Swimming Bath Cheadle Hulme Orphan Schools
The bath is part of building extensions now in progress which comprise additional classrooms and additions to the dining room wing, scheduled for completion in early summer. The swimming bath is contained in a detached building conveniently placed with respect to the main block. The bath is 75 feet long by 25 feet wide, and is being constructed on the most modern principles, with ample lavatory and dressing room accommodation. Two additional classrooms are being added to the school building for the junior pupils presently accommodated in a temporary wooden building. This is to be moved to the playing field and used as a sports pavilion. When the dining room extensions are completed they will give comfortable seating for 300 children. There will also be provided as part of this extension extra dormitory space for about 20 beds. The kitchen and storerooms are also being enlarged and a servants’ hall and a new common room for the teaching staff provided. [Manchester Guardian 27 February 1911 page 8]
REINFORCED CONCRETE SWIMMING BATH AT CHEADLE HULME. The accompanying illustration shows the new swimming bath erected in connection with the Warehousemen and Clerks’ Orphanage at Cheadle Hulme, near Manchester. The bath is built of reinforced concrete, and has been waterproofed with 1 in. cement rendering, mixed with Ceresit, by the use of which it becomes absolutely water-tight.
The architects are Messrs. W and J. Higginbotham (sic), of Market Street, Manchester, and the work has been carried out by the Combined Concrete Construction Company Ltd., of 25, Strutt Street, Manchester.

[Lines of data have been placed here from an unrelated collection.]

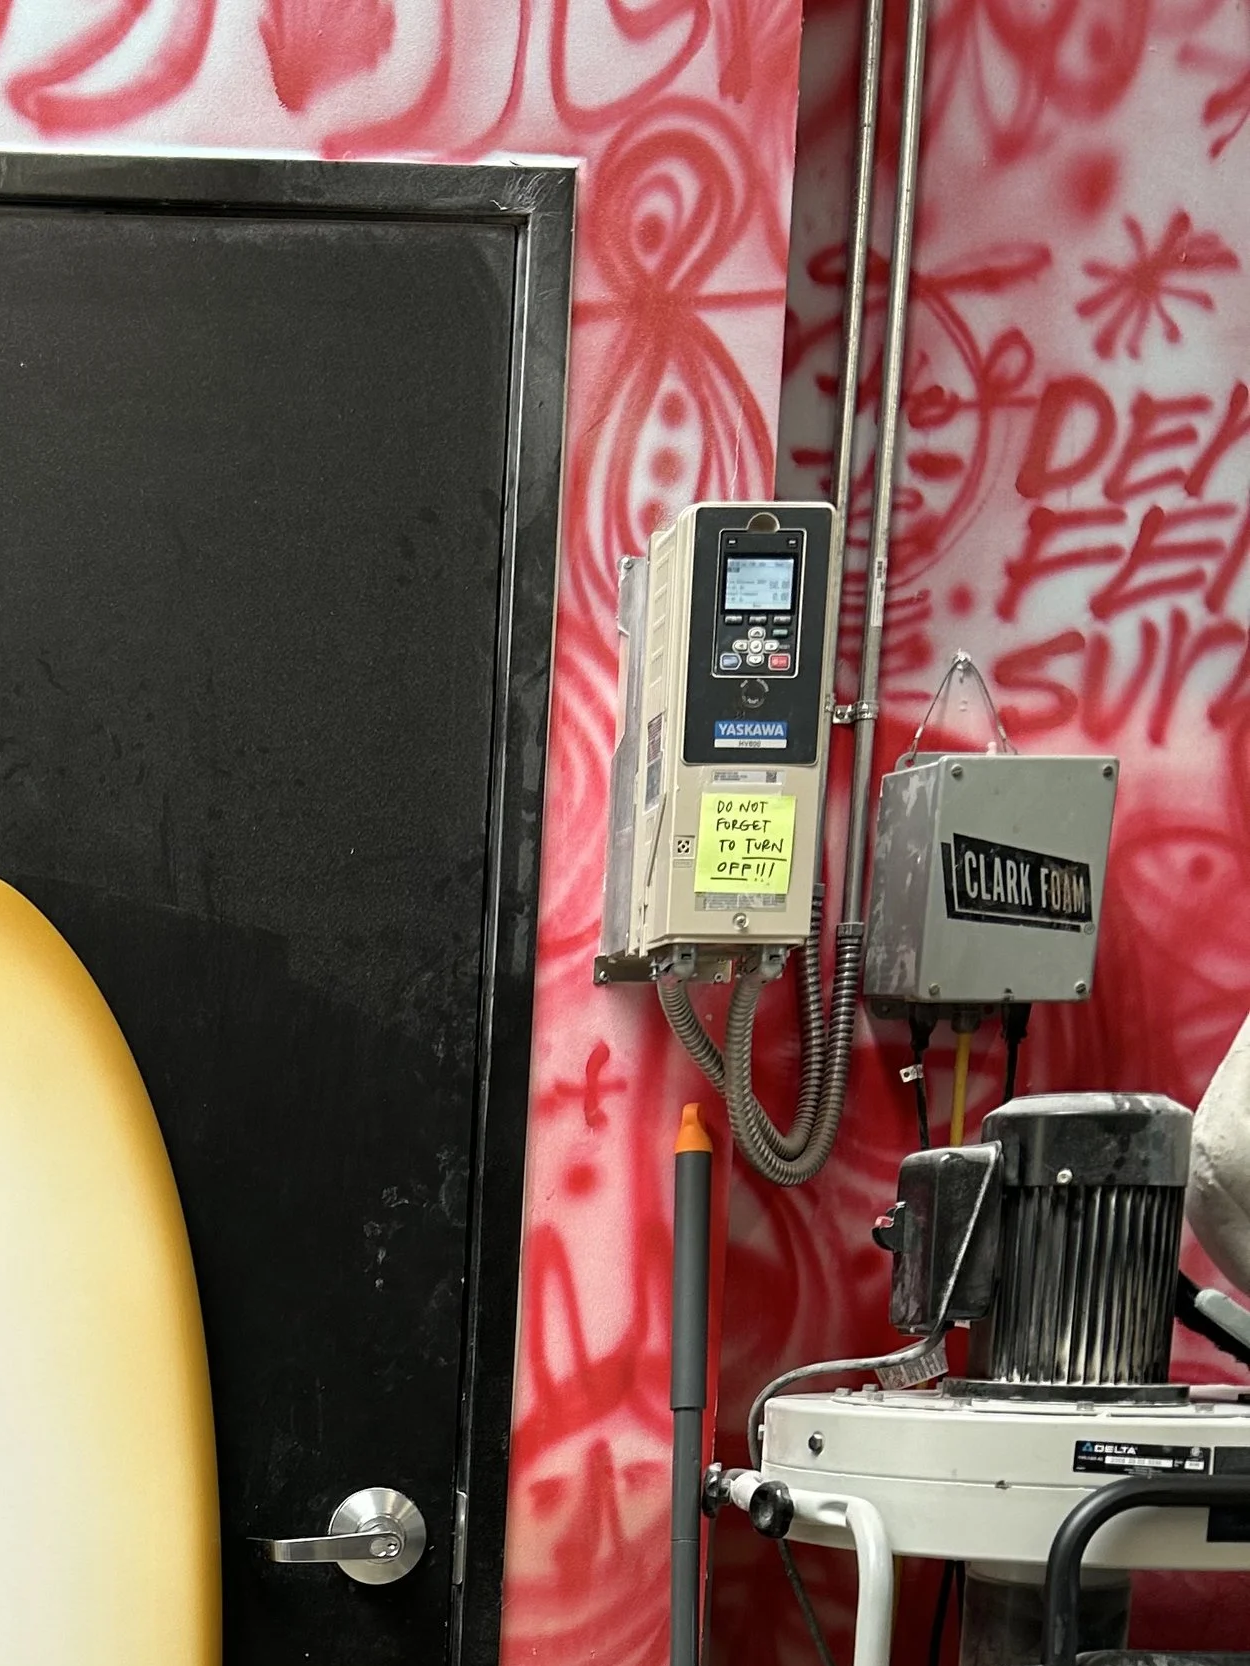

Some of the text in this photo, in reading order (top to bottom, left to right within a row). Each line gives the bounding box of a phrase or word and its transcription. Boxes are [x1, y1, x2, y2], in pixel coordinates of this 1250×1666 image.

[717, 722, 785, 738] YASKAWA
[717, 800, 768, 814] DO NOT
[716, 817, 771, 834] FORGET
[719, 838, 784, 854] TO TURN
[963, 850, 1086, 914] CLARK FOAM
[1093, 1443, 1137, 1455] DELTA

Ceresit is a cream-white paste, which dissolves readily in the water used in mixing concrete or cement mortar. By this method the Ceresit is uniformly distributed through the aggregates, thus filling the voids and giving greater density and strength to the concrete and mortar, and rendering it absolutely impervious to water or dampness even when subjected to great hydrostatic pressure. The material protects concrete and cement, and being itself an integral part of the mass, cannot crack or be chipped off; nor does it darken the cement. The beautiful Italian pool in the Country Life Gardens, Garden City, Long Island, is waterproofed with Ceresit, which is being extensively used in Great Britain—for instance (to cite only a few examples) in the construction of Conisborough reservoir; of the engine pit at large woollen mills near Bradford; of the Heeley Swimming Baths, for the Sheffield Corporation, and especially in a Russian Bath therein, where it has prevented the mortar from falling away from the glazed brickwork: at the Golf Club House, Wortley; and in many other important buildings in the United Kingdom. It is supplied by the British Ceresit Waterproofing Co., Ltd., 68, Victoria Street, London, S.W. [Architects and Builders Journal 6 December 1911 page 606]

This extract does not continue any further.